■ **What this task involves**
Only the text of the records belongs in the answer, copied exactly, with every picture omitted.
(Available records)
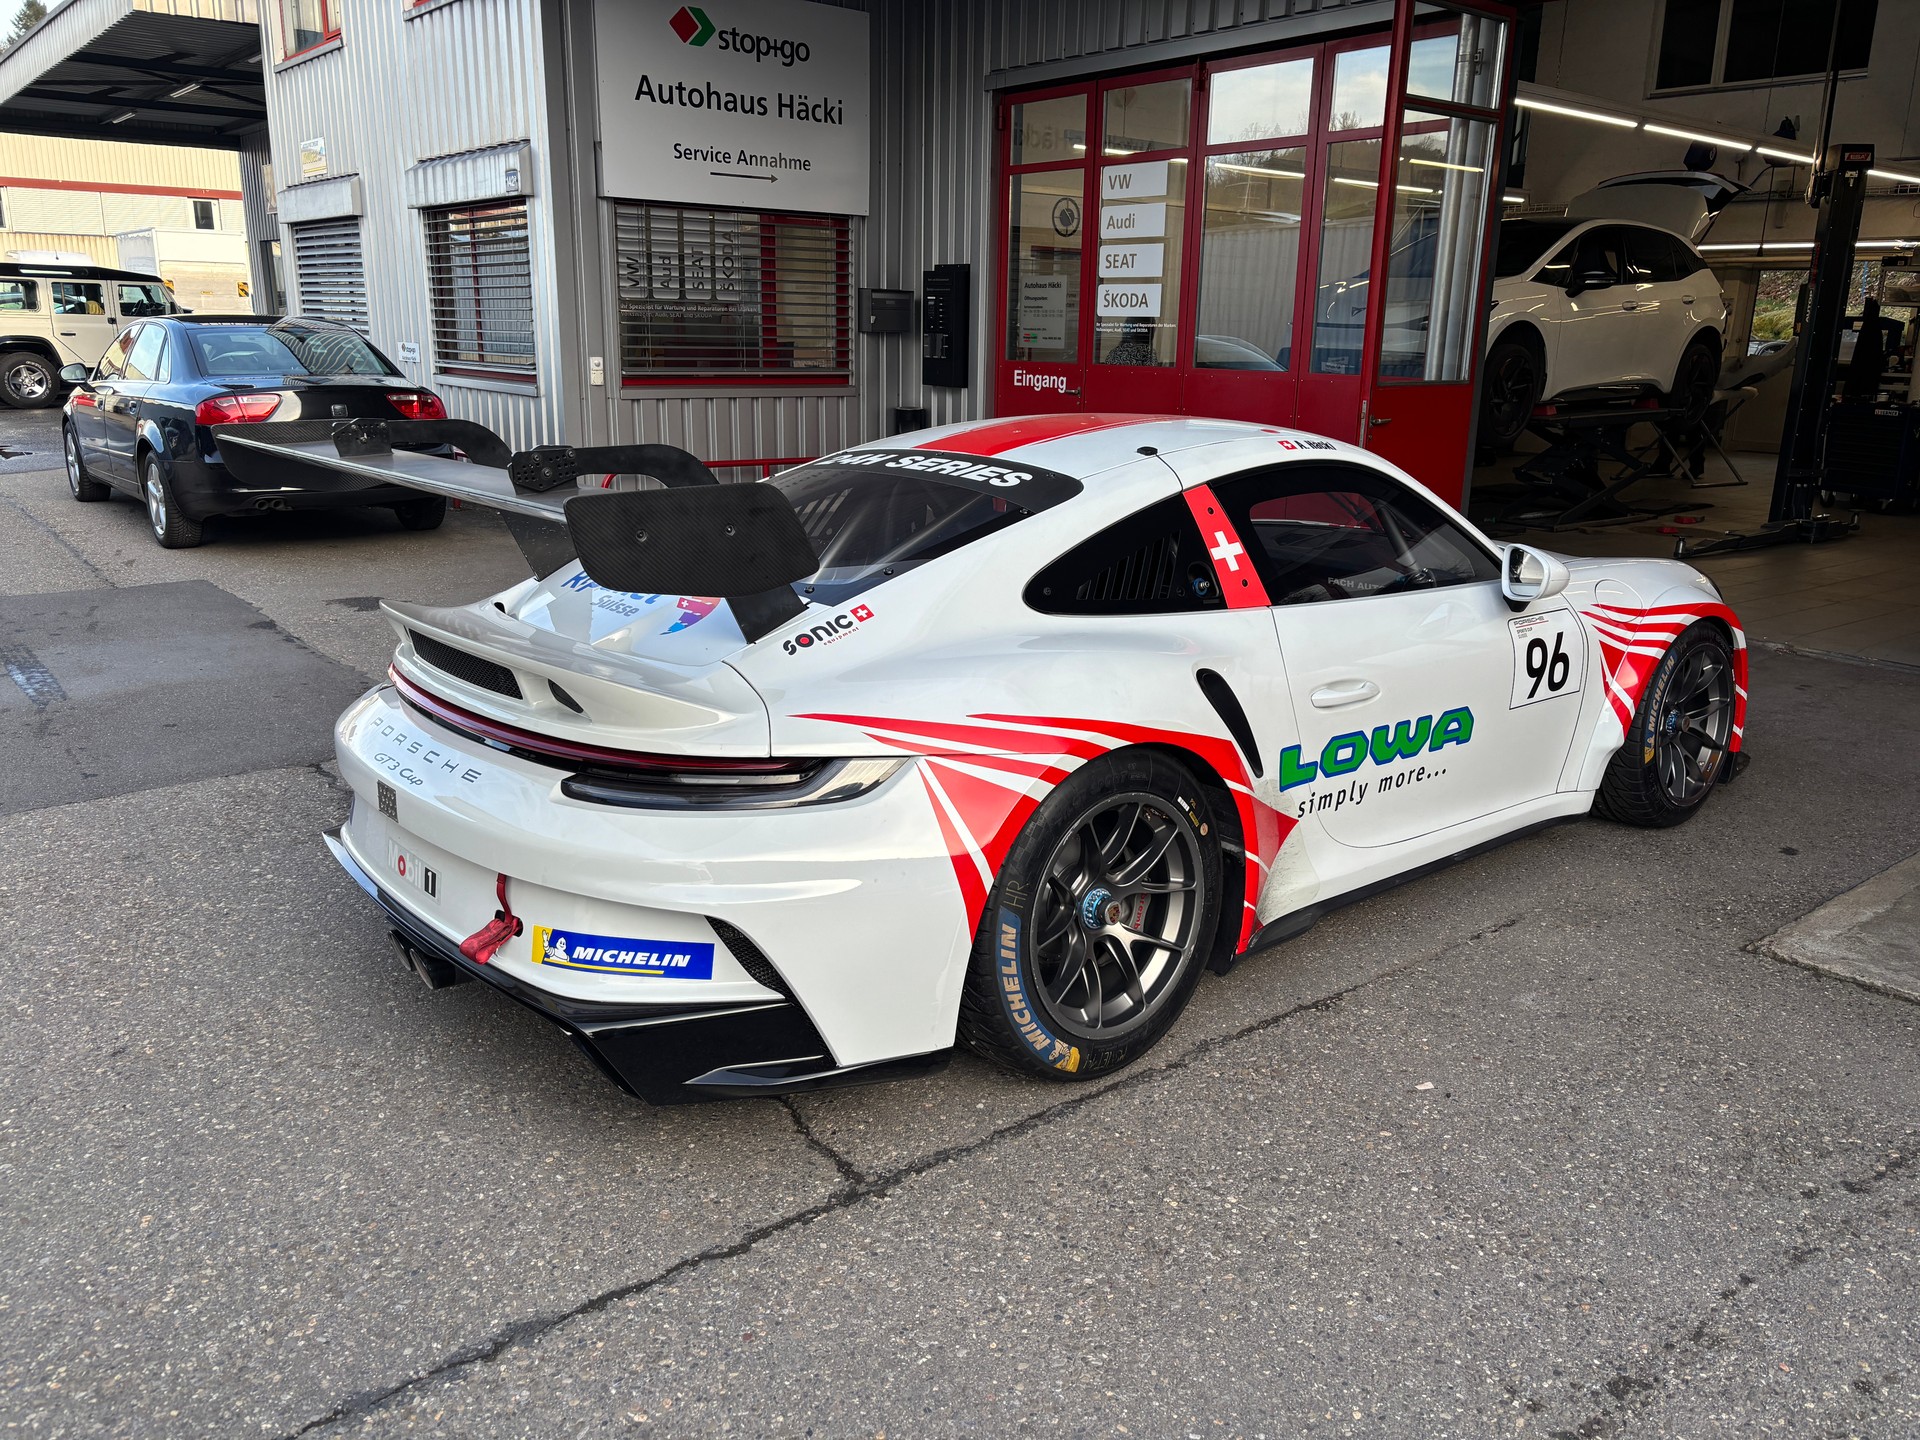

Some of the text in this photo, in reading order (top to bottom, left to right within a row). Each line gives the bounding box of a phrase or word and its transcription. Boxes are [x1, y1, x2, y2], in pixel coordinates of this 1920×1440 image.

[718, 26, 811, 67] stop+go
[634, 74, 844, 125] Autohaus Häcki
[673, 142, 811, 171] Service Annahme
[1108, 173, 1132, 190] VW
[1106, 213, 1136, 230] Audi
[626, 257, 640, 288] VW
[659, 254, 671, 289] Aud
[1105, 253, 1138, 269] SEAT
[1103, 289, 1149, 308] ŠKODA
[1013, 370, 1067, 393] Eingang
[885, 455, 1033, 487] SERIES
[1327, 577, 1355, 588] FACH
[591, 594, 640, 617] Suisse
[823, 626, 860, 646] equipment
[1526, 631, 1570, 700] 96
[1648, 655, 1675, 733] MICHELIN
[370, 716, 482, 784] PORSCHE
[1279, 706, 1475, 793] LOWA
[374, 752, 424, 786] GT3 Cup
[1298, 766, 1446, 819] simply more...
[388, 839, 422, 889] Mobil
[1133, 893, 1148, 930] bremb
[572, 946, 691, 968] MICHELIN
[1000, 923, 1052, 1051] MICHELIN
(End Available records)
■ **Exercise result**
Some of the text in this photo, in reading order (top to bottom, left to right within a row). Each line gives the bounding box of a phrase or word and its transcription. Boxes are [x1, y1, x2, y2], in pixel coordinates of this 1920×1440 image.

[718, 26, 811, 67] stop+go
[634, 74, 844, 125] Autohaus Häcki
[673, 142, 811, 171] Service Annahme
[1108, 173, 1132, 190] VW
[1106, 213, 1136, 230] Audi
[626, 257, 640, 288] VW
[659, 254, 671, 289] Aud
[1105, 253, 1138, 269] SEAT
[1103, 289, 1149, 308] ŠKODA
[1013, 370, 1067, 393] Eingang
[885, 455, 1033, 487] SERIES
[1327, 577, 1355, 588] FACH
[591, 594, 640, 617] Suisse
[823, 626, 860, 646] equipment
[1526, 631, 1570, 700] 96
[1648, 655, 1675, 733] MICHELIN
[370, 716, 482, 784] PORSCHE
[1279, 706, 1475, 793] LOWA
[374, 752, 424, 786] GT3 Cup
[1298, 766, 1446, 819] simply more...
[388, 839, 422, 889] Mobil
[1133, 893, 1148, 930] bremb
[572, 946, 691, 968] MICHELIN
[1000, 923, 1052, 1051] MICHELIN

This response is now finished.